Big Lou: It's 11 in the morning and I'm just opening up.

Tony, his mouth agape, rests his head on his hands. He turns to his right and observes the taps lined up and ready to pour. He looks back at Lou, then at the taps again.

Santos: Can I... can I just get a Harpoon? It's been like a week.

Lou's mouth stiffens as he focuses on Tony. He turns to his right, walks to the end of the bar, and turns the corner. Now behind Tony, Lou yanks him off of his stool and drags him to the door. Tony puts up no fight as his limp body is dragged ike a rag doll toward the cold, snowy outdoors. Lou kicks the door open with his left foot, drags Tony a bit further, and tosses him in to a snowbank resting against a tree.

Big Lou: Get the fuck out of my bar!

A few minutes pass. Tony lays against the snow, still too tired to move. Passersby rubberneck at the disaster on their sidewalk as they pass by, but say no words. Just then, a Guinness truck roars down the road, making its way to The Last Drop, a bar only a block away from Castlebar, to fill it up with a sweet stock of deliciousness. The truck makes its way down the line at quite the clip and hits a gaping pothole in the road, causing one of its side doors to pop open, a 12-pack dropping to the street.
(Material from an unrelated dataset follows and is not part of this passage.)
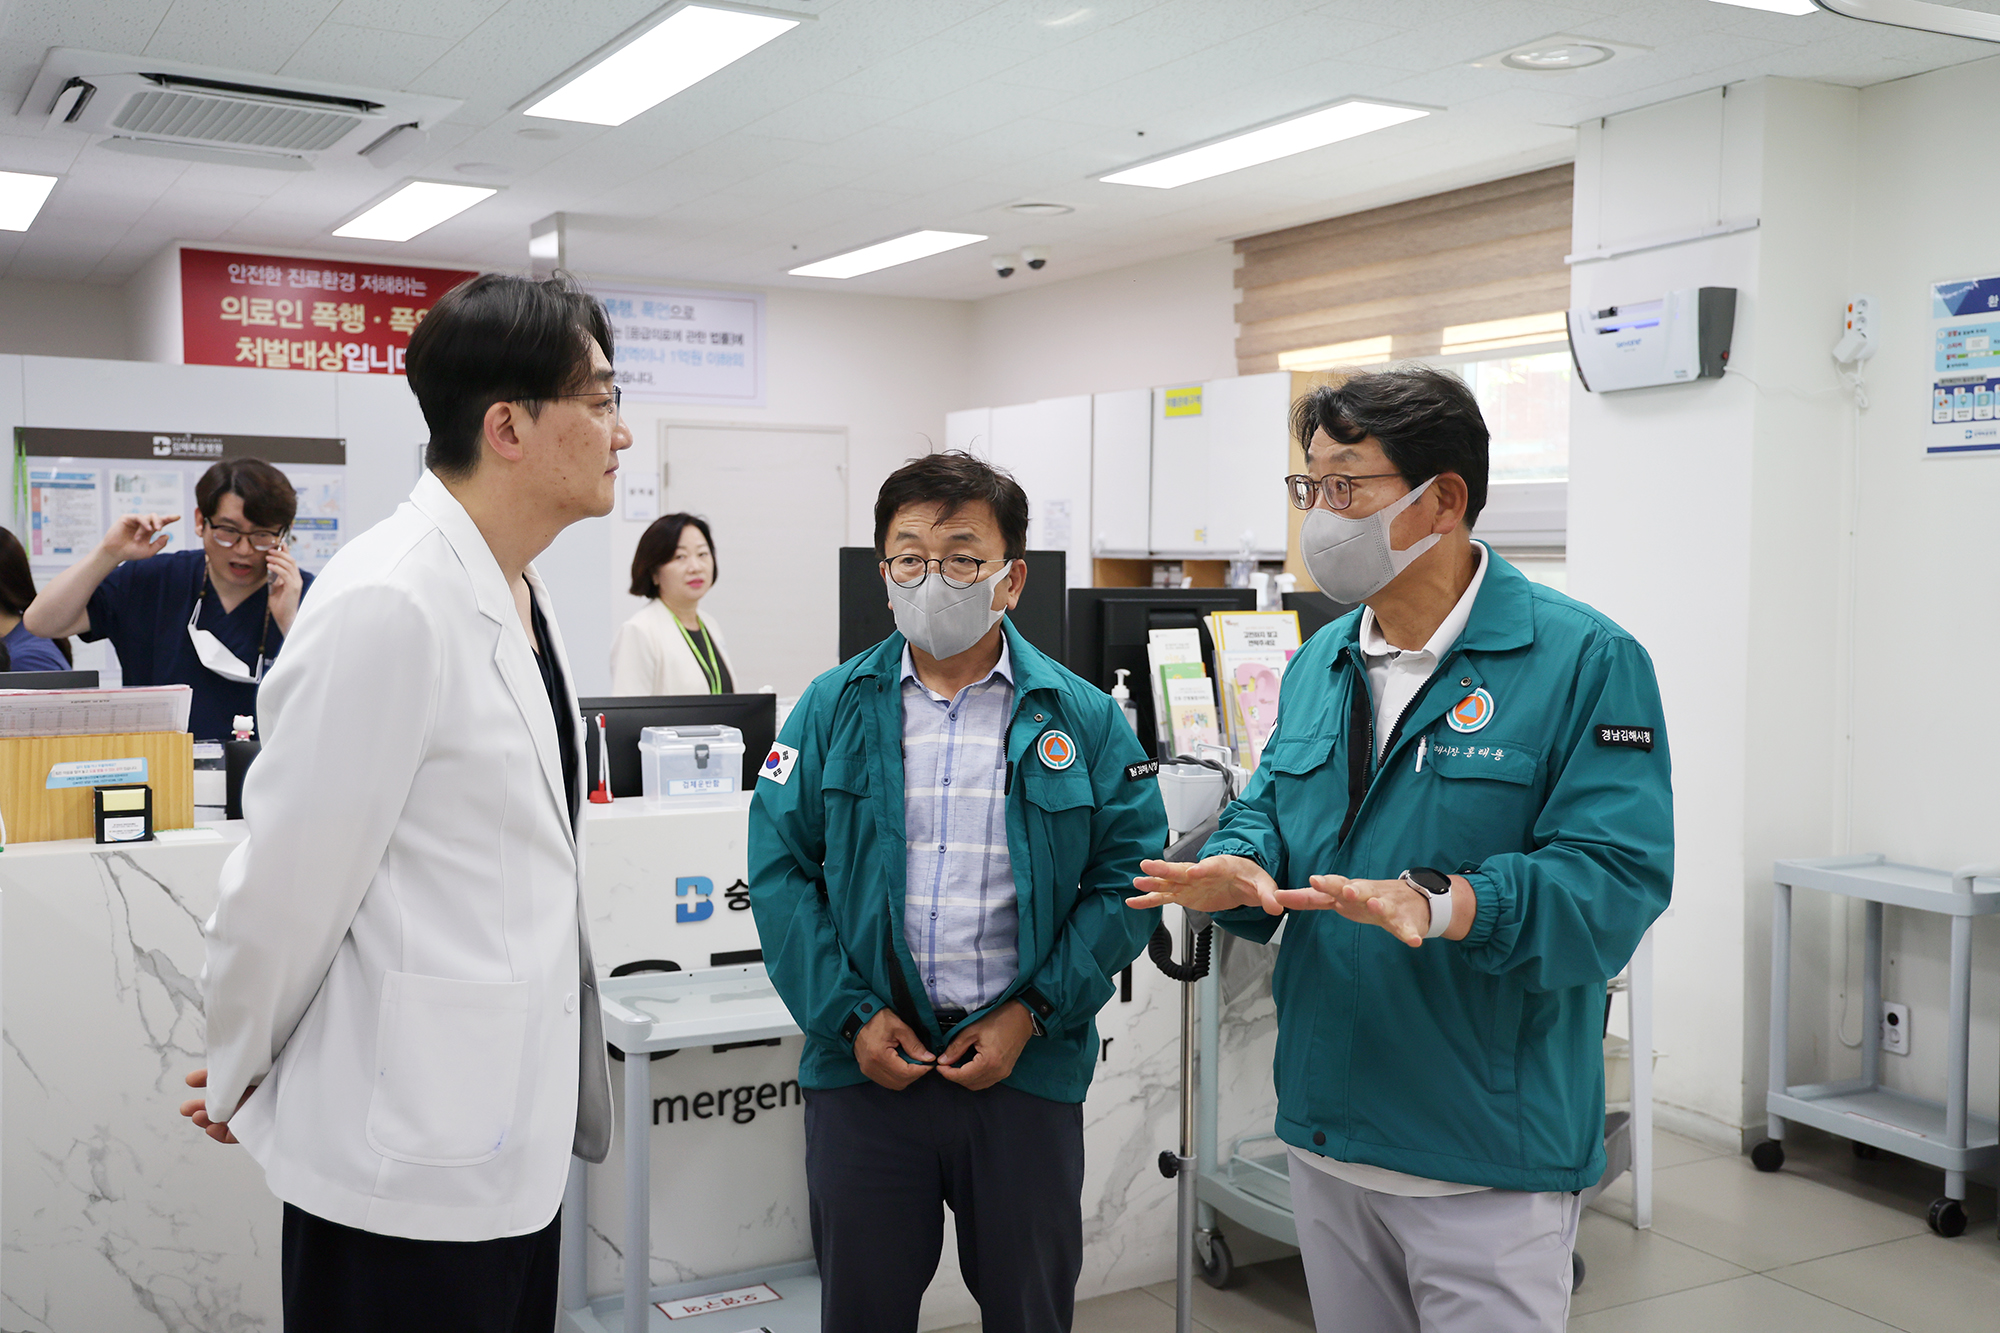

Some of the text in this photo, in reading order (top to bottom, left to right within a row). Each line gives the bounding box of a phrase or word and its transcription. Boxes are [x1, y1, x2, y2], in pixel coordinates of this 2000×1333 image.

Tony, hearing the commotion, twirls his head to his right and notices said 12-pack. He manages to lift himself up by the palms of his hands and catch his balance. Stumbling toward the road (a completely sober stumble, I might add), he reaches the case of Guinness. Tony looks down at it, his shoulders slumped, his back arched, a dopey expression on his face. He reaches for the case, inspects its contents, and notices only two broken bottles. He caresses the case in his hands, pulls out an intact bottle, and pops the top with the bottle opener on his belt. Tony takes a sip, smiles, and casually strolls down the middle of the street, halting cars in the process while his case spills excess beer from said broken bottles. An internal soundtrack plays in Tony's mind as he walks down the road with his own bit of swagger.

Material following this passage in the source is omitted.